While 18 of the world’s 20 largest drugmakers have a presence in Massachusetts — including such pharmaceutical giants as Pfizer, Novartis, and Eli Lilly & Co. — the sector is “hugely comprised” of small, growing startups that aren’t making money yet and rely on venture capital to operate, he said.
Still, biotechnology remains a driving force for the Massachusetts economy. The industry accounted for nearly 17 percent of job growth in the state, even though biopharma comprises only 3.7 percent of the workforce.
In some ways, the sector has raised unrealistic expectations, given how it exploded in the early years of the pandemic. The state’s biopharmaceutical workforce grew by a staggering 22,383 employees from 2020 to 2021, or by nearly 27 percent, to 106,679 workers.

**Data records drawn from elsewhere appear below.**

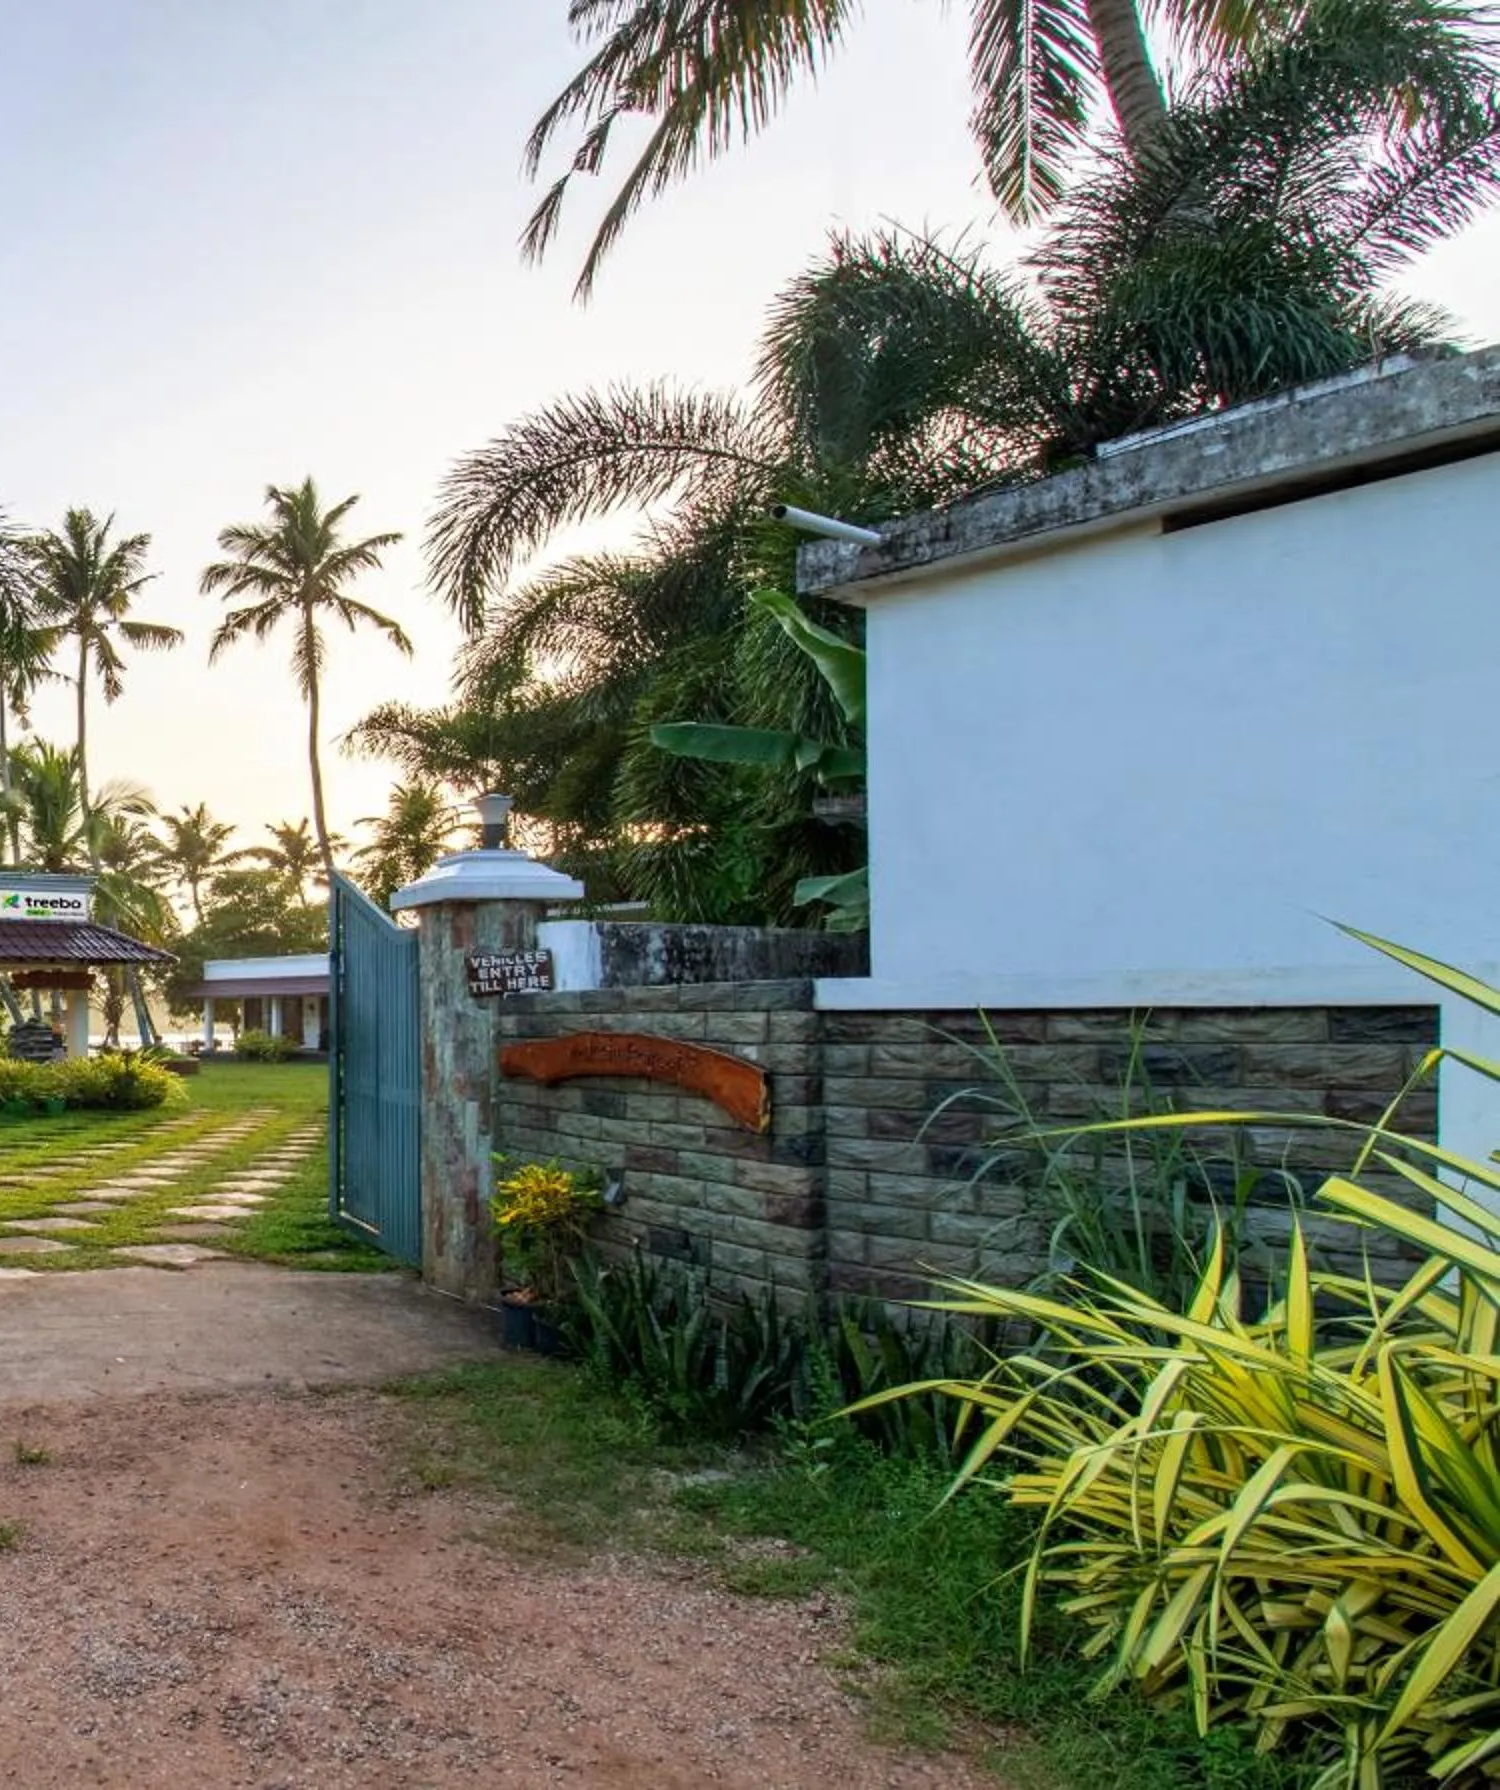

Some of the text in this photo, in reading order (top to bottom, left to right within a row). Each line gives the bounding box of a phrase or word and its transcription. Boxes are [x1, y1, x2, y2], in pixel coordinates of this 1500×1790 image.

[24, 896, 81, 909] treebo
[469, 951, 548, 969] VEHICLES
[478, 963, 539, 980] ENTRY
[469, 975, 549, 993] TILL HERE
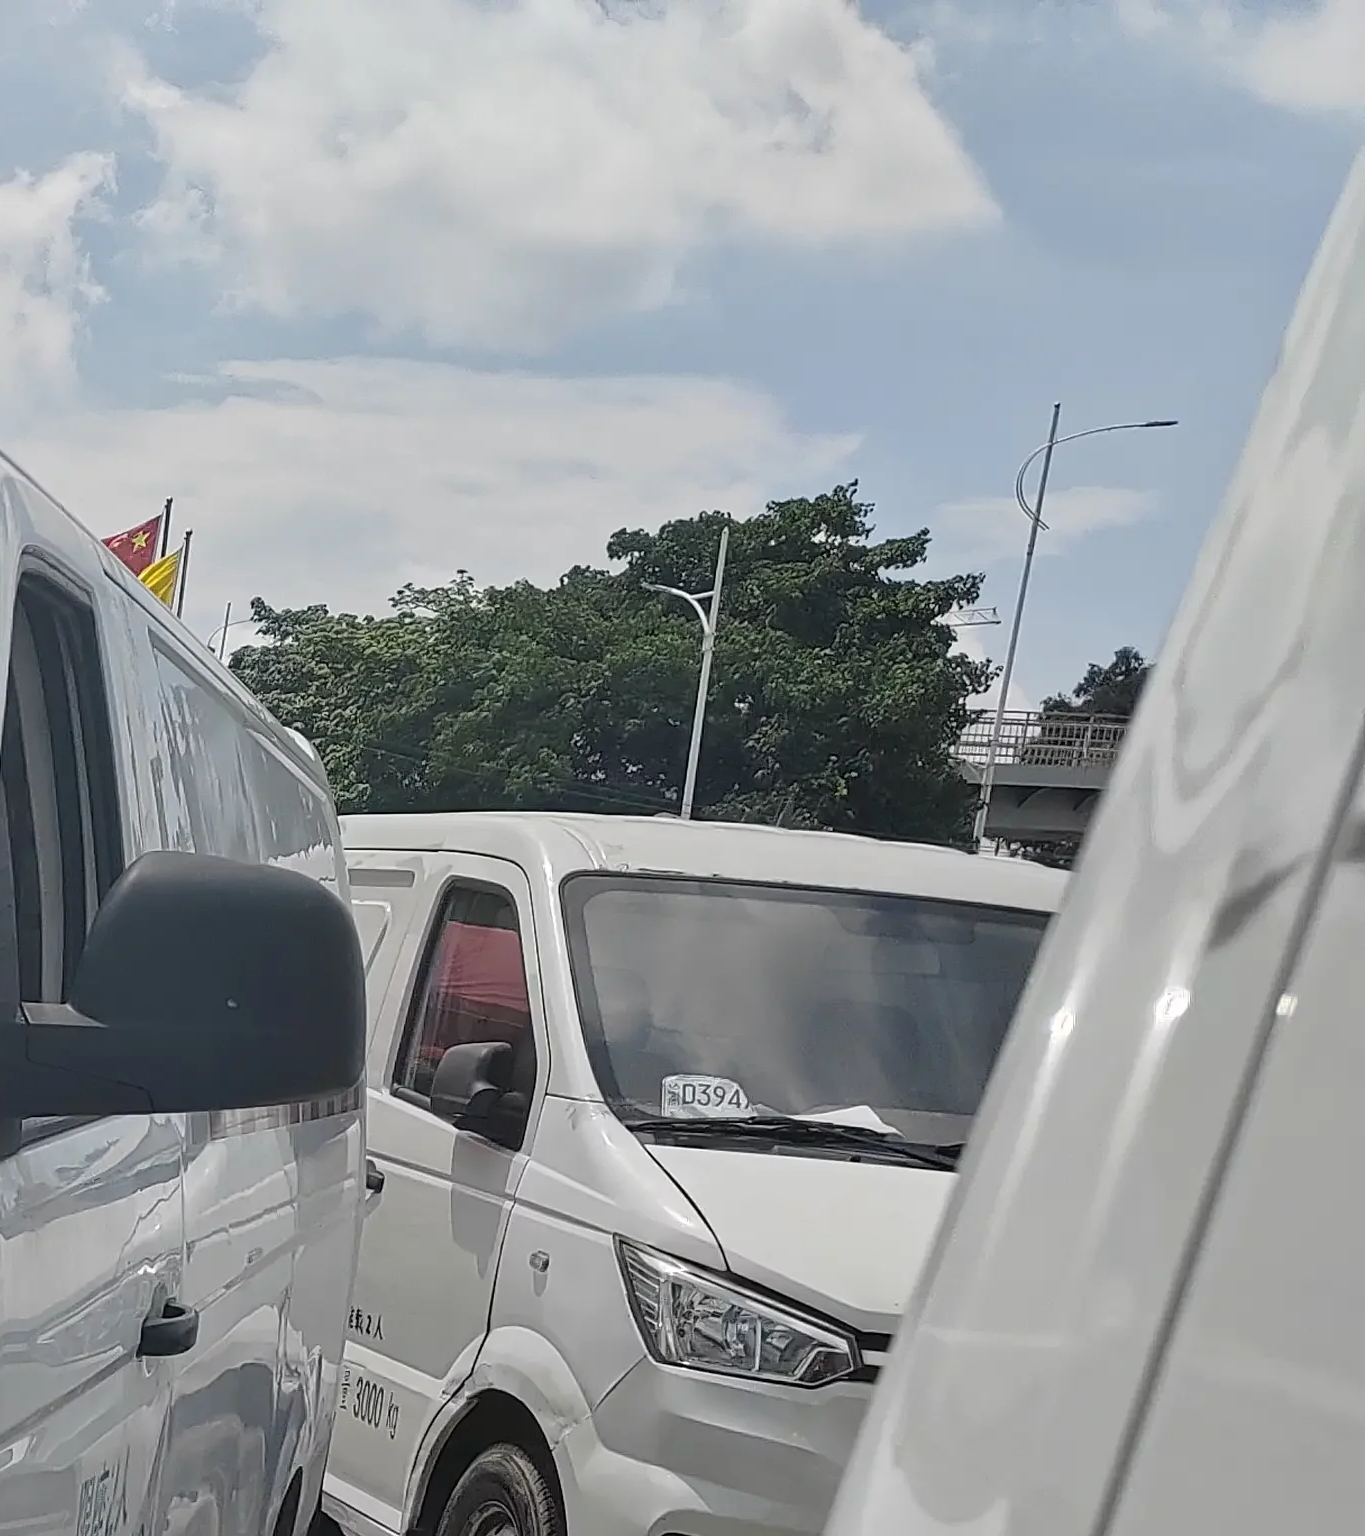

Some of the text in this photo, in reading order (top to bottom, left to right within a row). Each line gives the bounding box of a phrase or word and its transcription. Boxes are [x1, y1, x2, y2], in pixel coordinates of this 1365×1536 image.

[682, 1083, 750, 1110] D394
[353, 1376, 385, 1429] 3000
[386, 1391, 400, 1440] kg
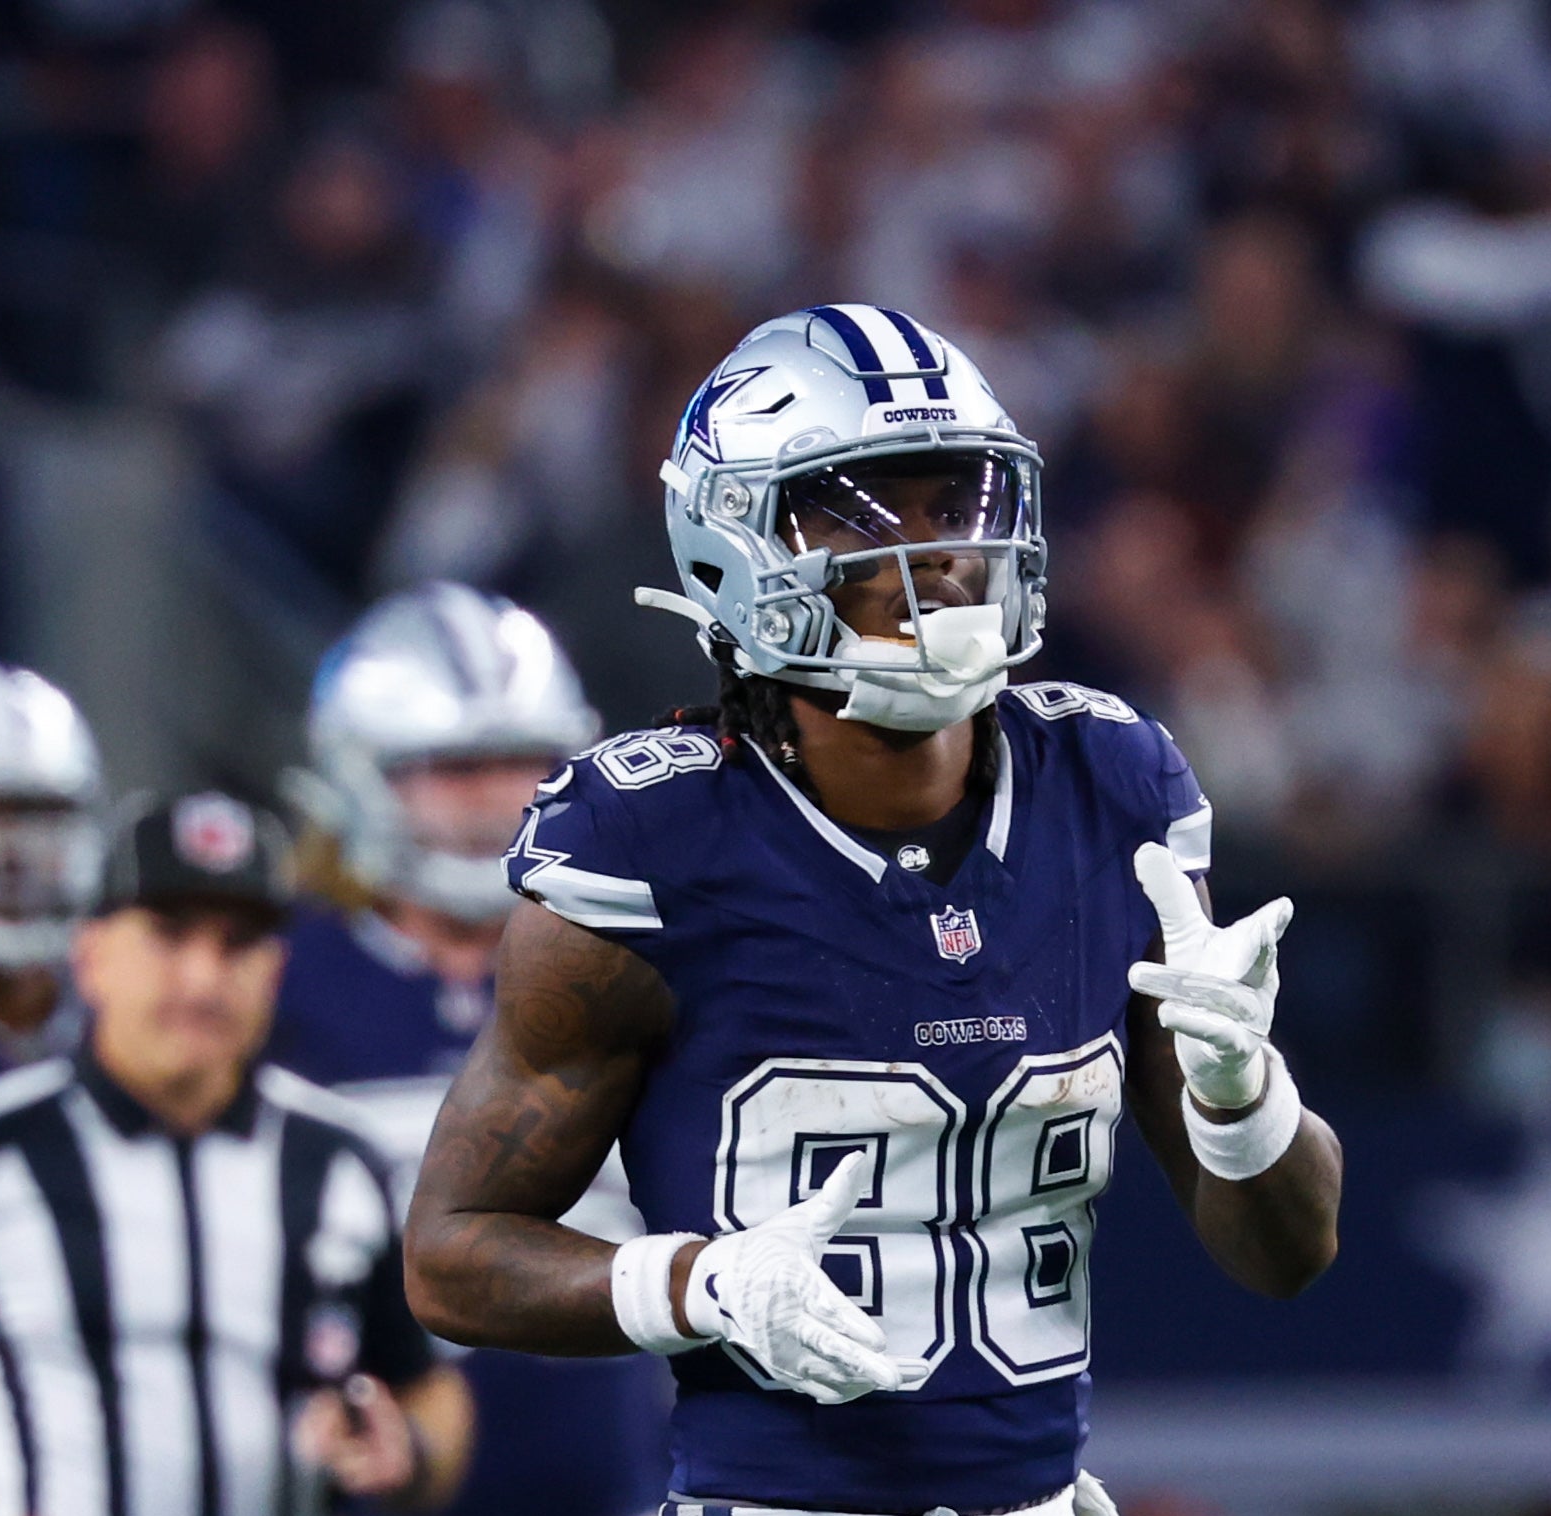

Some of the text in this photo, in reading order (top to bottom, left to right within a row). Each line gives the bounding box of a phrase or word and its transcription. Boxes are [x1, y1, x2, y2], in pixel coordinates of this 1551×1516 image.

[883, 408, 957, 423] COWBOYS
[943, 929, 975, 953] NFL
[914, 1016, 1027, 1046] COWBOYS
[713, 1029, 1125, 1391] 88
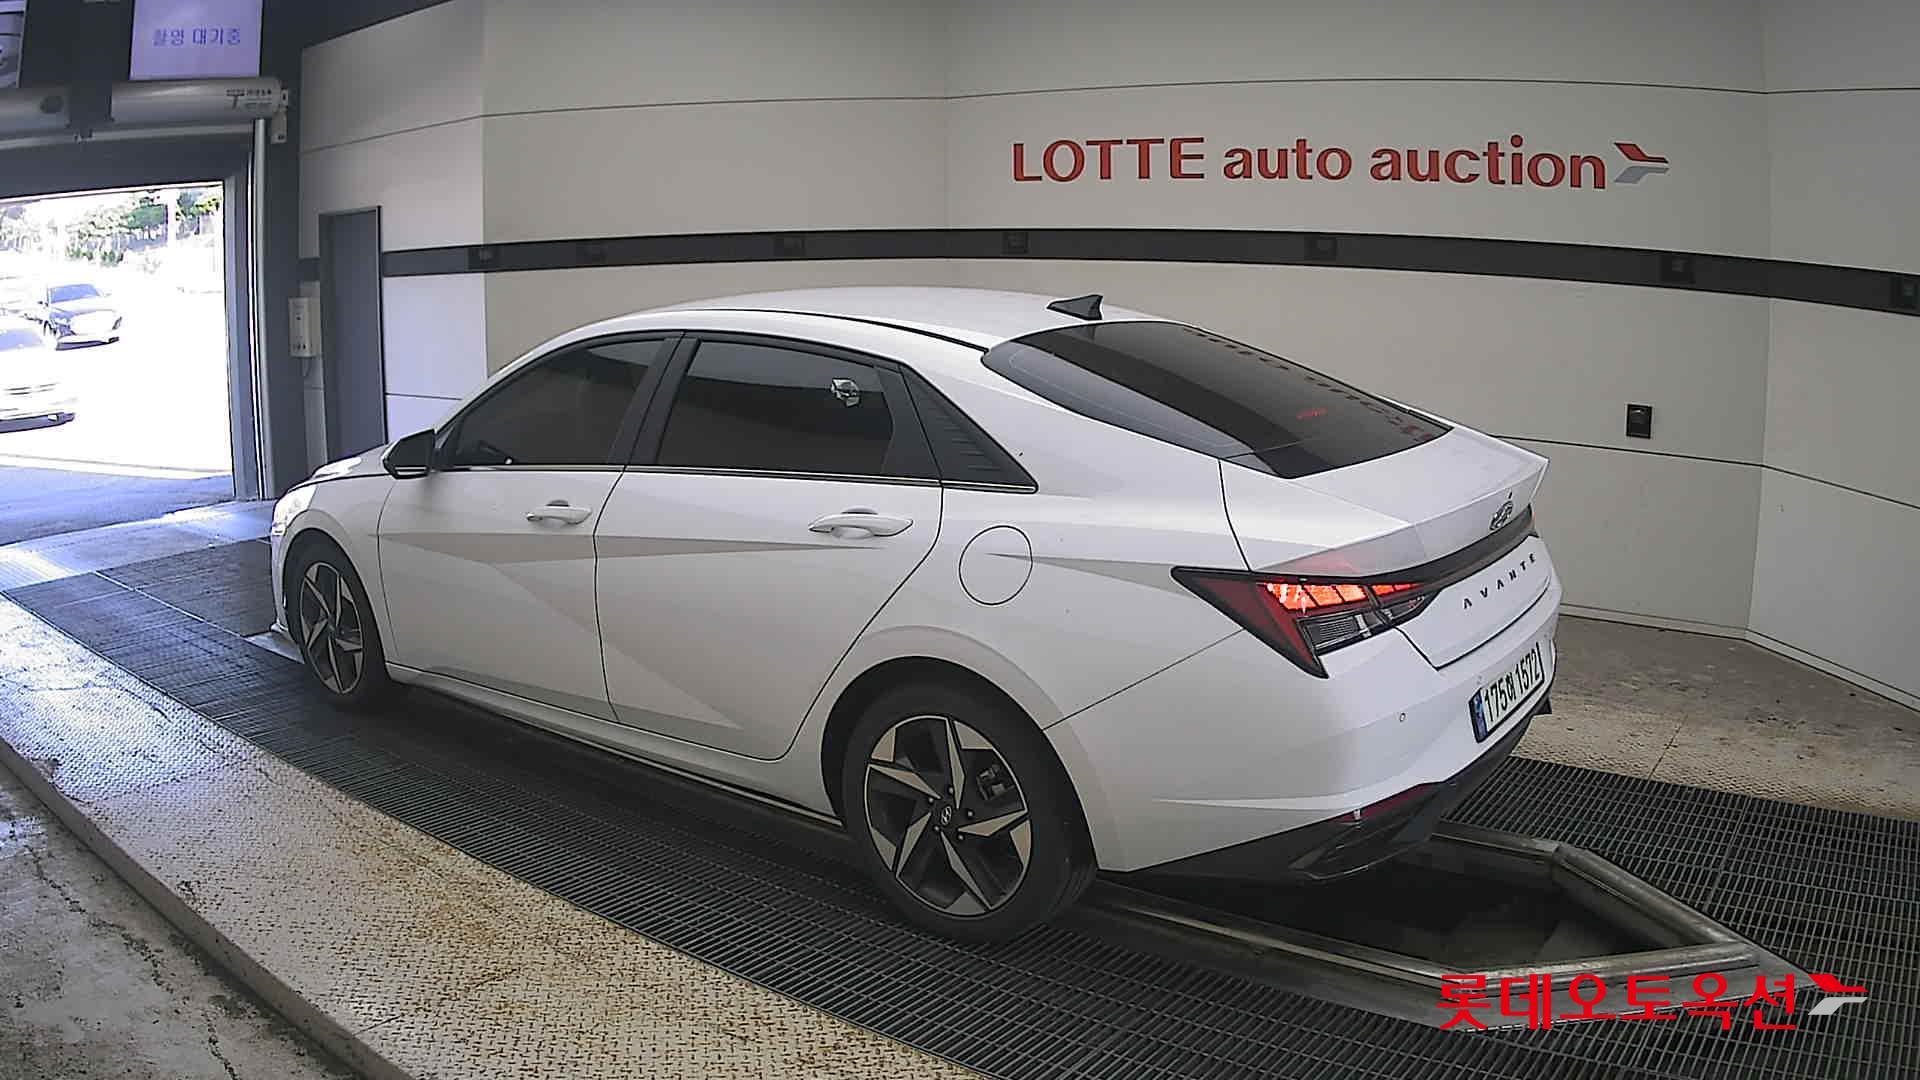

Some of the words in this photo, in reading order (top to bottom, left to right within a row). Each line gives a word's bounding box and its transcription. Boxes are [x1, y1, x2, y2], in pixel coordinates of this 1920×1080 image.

Likewise, venture funding skyrocketed early in the pandemic. In 2021, Massachusetts startups received an astonishing $13.66 billion in venture funding as exuberant investors disregarded the high failure rate in drug development and bet on buzzy technologies such as gene editing and messenger RNA vaccines.
Bradford said those years were outliers; the sector attracted many “generalist” investors who were enticed by the success of firms such as Moderna, the Cambridge-based maker of a leading COVID-19 vaccine. Moderna went from being unknown by most of the public to “being in global headlines on a daily basis,” he said.